Data listing:

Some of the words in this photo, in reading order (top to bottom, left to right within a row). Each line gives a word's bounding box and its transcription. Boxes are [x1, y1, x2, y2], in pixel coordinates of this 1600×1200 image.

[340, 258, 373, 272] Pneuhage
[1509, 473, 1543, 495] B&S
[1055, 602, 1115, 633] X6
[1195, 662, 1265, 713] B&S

Aim of the exercise: When you restate the listing, keep each line identical to the original.

Answer to this problem:
Some of the words in this photo, in reading order (top to bottom, left to right within a row). Each line gives a word's bounding box and its transcription. Boxes are [x1, y1, x2, y2], in pixel coordinates of this 1600×1200 image.

[340, 258, 373, 272] Pneuhage
[1509, 473, 1543, 495] B&S
[1055, 602, 1115, 633] X6
[1195, 662, 1265, 713] B&S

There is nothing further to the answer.